The men’s Hockey Asia Cup begins in Dhaka on 11 October. Being a qualifying event for the 2018 World Cup, and with FIH ranking points on offer, it promises to tie the contestants in fierce stand-offs. There will be climbers and fallers, but the winners’ cartel in Asian hockey – South Korea, Pakistan and India – has been so enduring that a dark horse is difficult to spot. Maybe Malaysia? Japan is the second dark horse; China, Oman and Bangladesh are content to bring passion rather than winning qualities into the equation.
But first, let us see things in perspective. Asian hockey is in relative decline, finding itself in the second tier of world hockey. South Korea, Pakistan and India do not have titles outside Asia. Lately, only India have won medals at the world level, ranking among the top-10 teams. But being sixth in ranking matters less than performance.
South Korea are yet to qualify for the World Cup, so they will have enough adrenaline to go all the way. Do Pakistan and India have a matching appetite? Having already qualified for the World Cup, they will need some magic motivation. Pakistan have a better record in title games than India but have slipped lately. India have a history of throwing in the towel before the semi-finals of the major tournaments like the Olympics, World Cup and Champions Trophy.

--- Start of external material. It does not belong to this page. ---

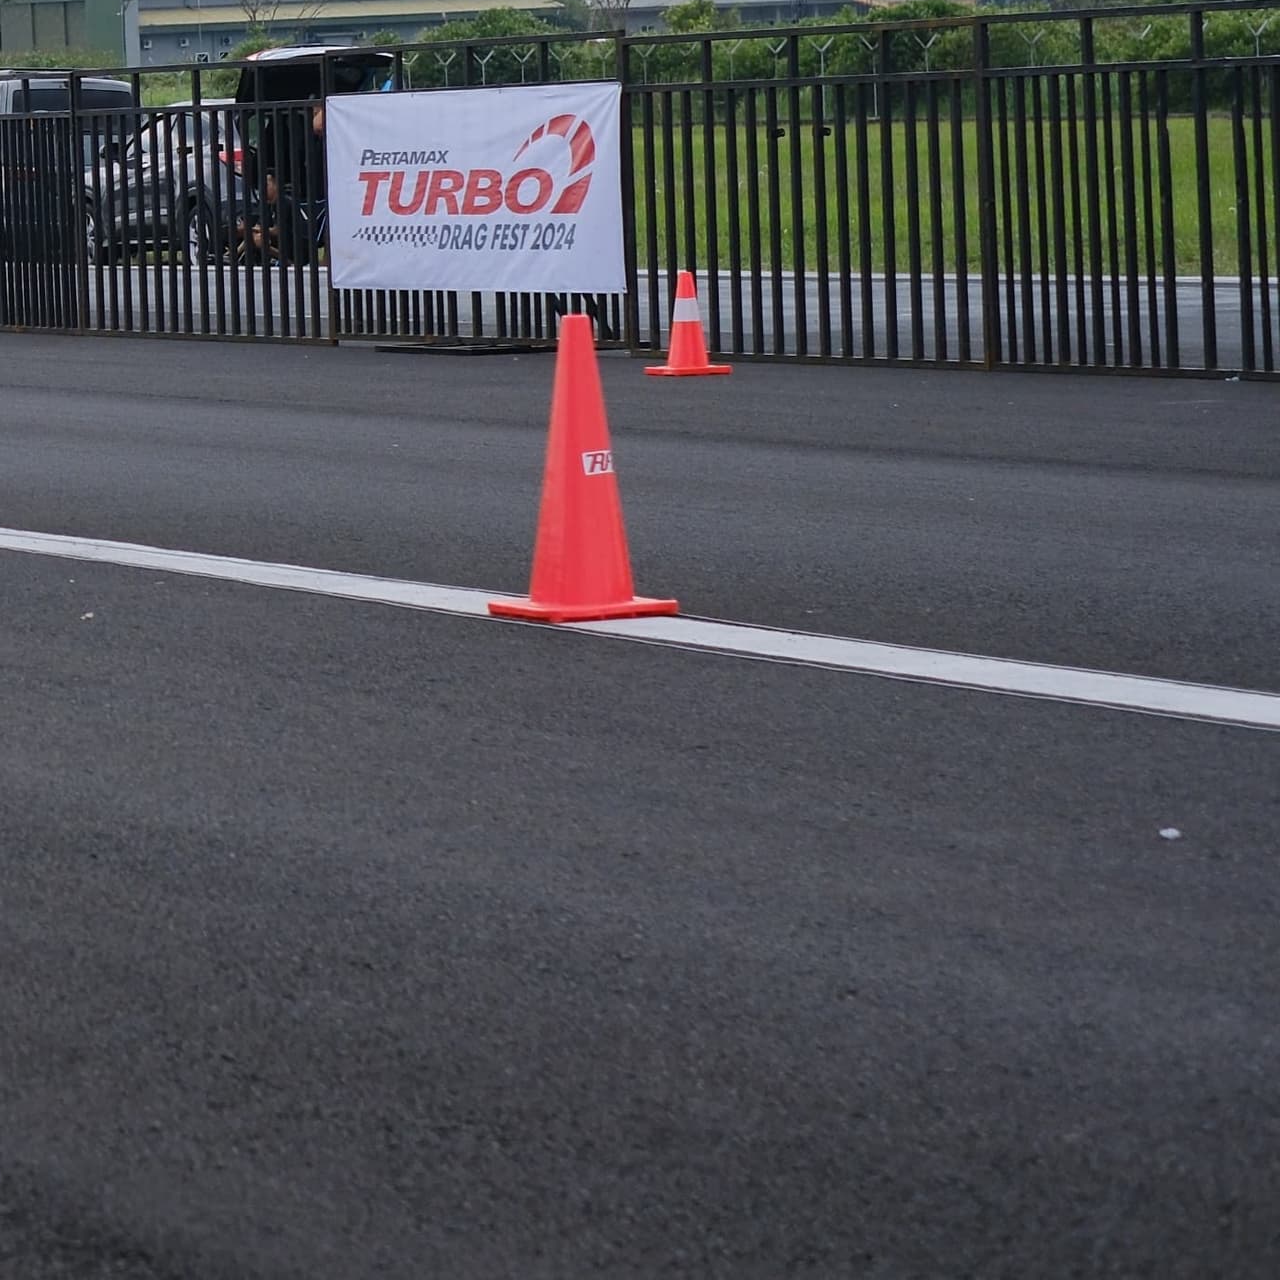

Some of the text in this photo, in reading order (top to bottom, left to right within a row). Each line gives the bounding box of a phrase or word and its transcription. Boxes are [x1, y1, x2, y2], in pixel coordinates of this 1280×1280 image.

[360, 149, 450, 167] PERTAMAX
[358, 168, 554, 217] TURBO
[438, 222, 577, 251] DRAG FEST 2024

With four Asia Cup titles in the past (1993, 1999, 2009 and 2013), 13th-ranked South Korea have history in their favour. Recent performances - a sixth-place finish in the 2016 Champions Trophy and a ninth-place finish at the 2017 Hockey World League Semi-finals – raise questions about their form. But manager Kim Yoon Dong says the team is in transition and is now ready to show its customary panache. South Korea are one of the favourites for the title.

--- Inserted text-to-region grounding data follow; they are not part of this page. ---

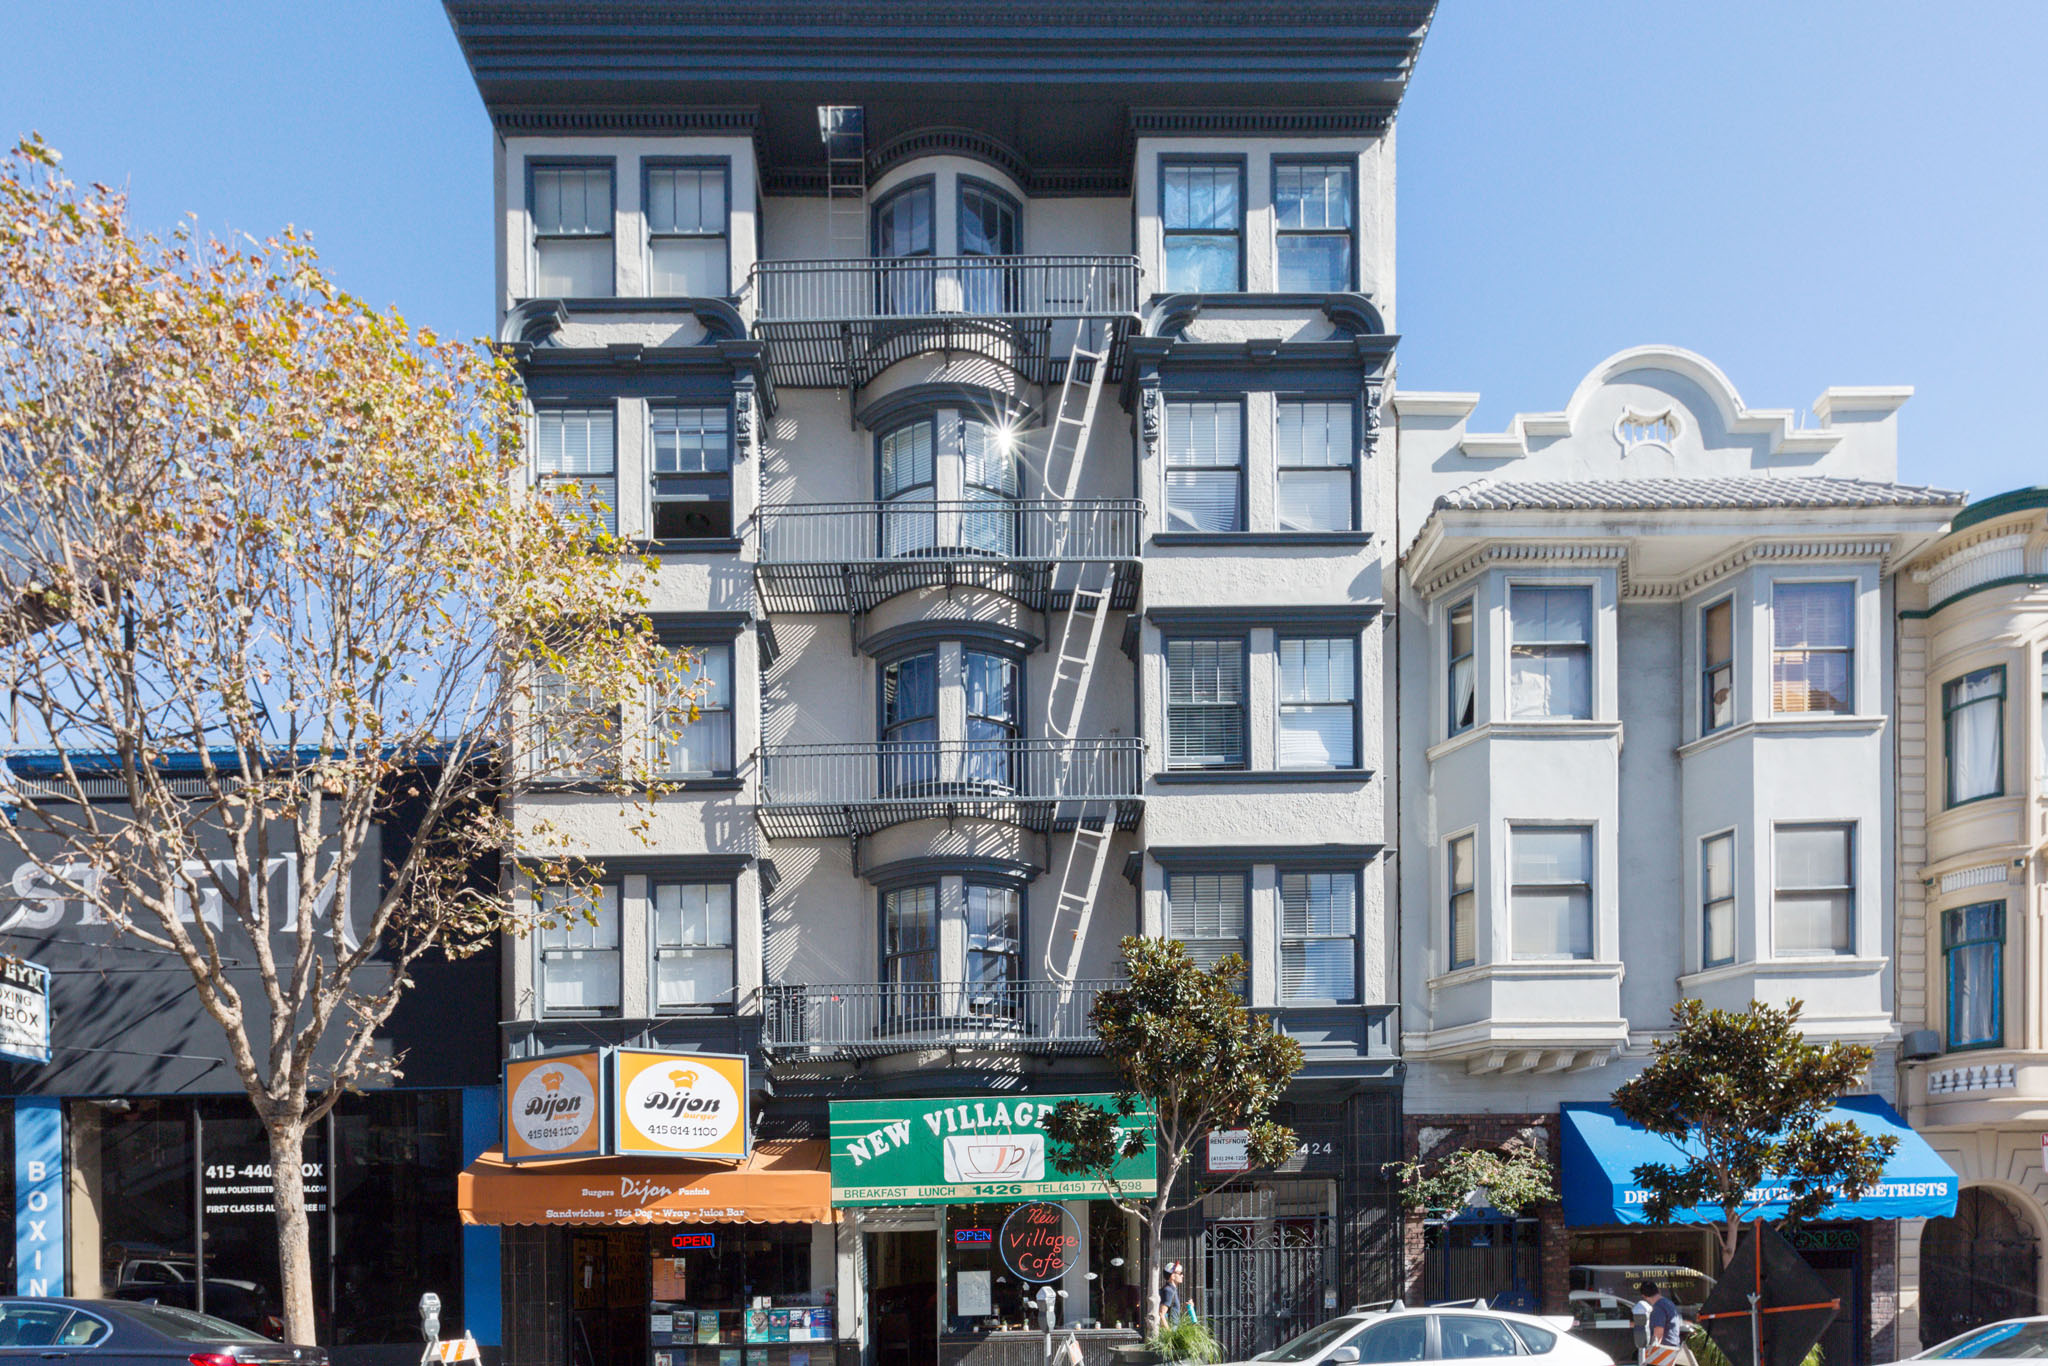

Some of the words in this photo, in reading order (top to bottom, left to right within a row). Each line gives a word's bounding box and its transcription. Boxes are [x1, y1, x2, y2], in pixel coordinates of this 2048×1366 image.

[5, 962, 44, 995] GYM
[0, 988, 32, 1007] XING
[525, 1093, 581, 1121] Dijon
[644, 1091, 720, 1118] Dijon
[683, 1112, 718, 1121] burger
[528, 1130, 542, 1139] 415
[560, 1126, 579, 1136] 1100
[648, 1125, 668, 1135] 415
[670, 1126, 690, 1135] 614
[693, 1127, 717, 1137] 1100
[846, 1119, 911, 1166] NEW
[1300, 1143, 1332, 1155] 424
[205, 1165, 235, 1178] 415
[581, 1188, 615, 1198] Burgers
[620, 1176, 673, 1204] Dijon
[678, 1187, 710, 1196] Paninis
[843, 1188, 908, 1199] BREAKFAST
[918, 1186, 956, 1198] LUNCH
[972, 1184, 1023, 1196] 1426
[206, 1205, 229, 1213] FIRST
[230, 1204, 255, 1213] CLASS
[256, 1204, 264, 1212] IS
[546, 1209, 605, 1219] Sandwiches
[614, 1209, 632, 1218] Hot
[634, 1208, 653, 1220] Dog
[663, 1209, 690, 1219] Wrap
[699, 1209, 724, 1217] Juice
[727, 1208, 745, 1217] Bar
[1026, 1208, 1060, 1225] New
[28, 1160, 48, 1297] BOXIN
[956, 1231, 991, 1241] OPEN
[672, 1236, 712, 1248] OPEN
[1010, 1228, 1079, 1254] Village
[1018, 1252, 1065, 1278] Cafe

Another favourite would have to be Pakistan. With four world titles and three Asia Cup titles (1982, 1985, 1989), 14th-ranked Pakistan have been blighted by poor management and security concerns. They have few opportunities to play international games. Pakistan have a new management, and have recalled experienced players. This could make things better rather than worse.
India, on the other hand, have a resume of failures at the highest level, though the management no longer considers success at the Asian level (with Asia Cup titles in 2003 and 2007) enough. India have folded up in FIH tournaments like the Hockey World League Semi-finals in 2015 and 2017, against England, Malaysia and Canada. The change of coach has introduced a new philosophy. This has put the Asia Cup awkwardly in the middle of India’s restructuring cycle. Yet, India have enough in their arsenal to be a serious title contender.
Malaysia can't be counted out too. At the 2017 Sultan Azlan Shah Cup, 13th-ranked Malaysia improved with each game, creating the base for higher laurels, finishing fourth in the Hockey World League Semi-finals in 2017, the best for an Asian team. With momentum, Malaysia will be a title contender.
Then we have the ever-improving Japan. They put it across mighty Australia at the Sultan Azlan Shah Cup this year. China are the other improved outfit. Oman and Bangladesh play good hockey, though Bangladesh were a disappointing fifth in the Hockey World League round two.
Now, where does India actually stand, being the top-ranked Asian team? Indian players are now learning the art of patient build-up. The hit and miss tactics of the past and the all-out counter-attacks are no longer preferred. The Indians now regroup in a structured way. There has been an improvement in the technical, tactical and the psychological aspects.
Skeptics would argue that without the giants of world hockey the Asia Cup may be low on value. But sports also live the emotions they trigger. The world still considers the India versus Pakistan hockey rivalry the pinnacle even if the two teams are no longer the force they used to be. At the Hockey World League in the London summer, Hockey England sold the game as the marquee contest. An India versus Pakistan encounter in Bangladesh has enough political ballast to interest Partition’s three children.
This rivalry is rooted in historical fissures centred around community and identity. It has so many emotional layers sewn into it that sometimes the emotion overtakes the actual play, forcing meltdowns, traumas, jostles, media wars, and other darkly spectacular events. Pakistan and India play one another as if there is nothing to live for after defeat. This gives their matches a flavour for the times, helping market a sometimes-beleaguered sport.
In the past, Pakistan’s psychological edge saw them inflict defeats on India in the majority of title games. Lately, India have found weapons to unsettle Pakistan. Remember how goalkeeper PR Sreejesh hustled Pakistani rivals in the shootout of the 2014 Asian Games final?
But will either or both reach the final of the Asia Cup? We shall leave that for the astrologers to answer.
Jitendra Nath Misra is a former ambassador and vice-president of Jawaharlal Nehru Hockey Tournament Society.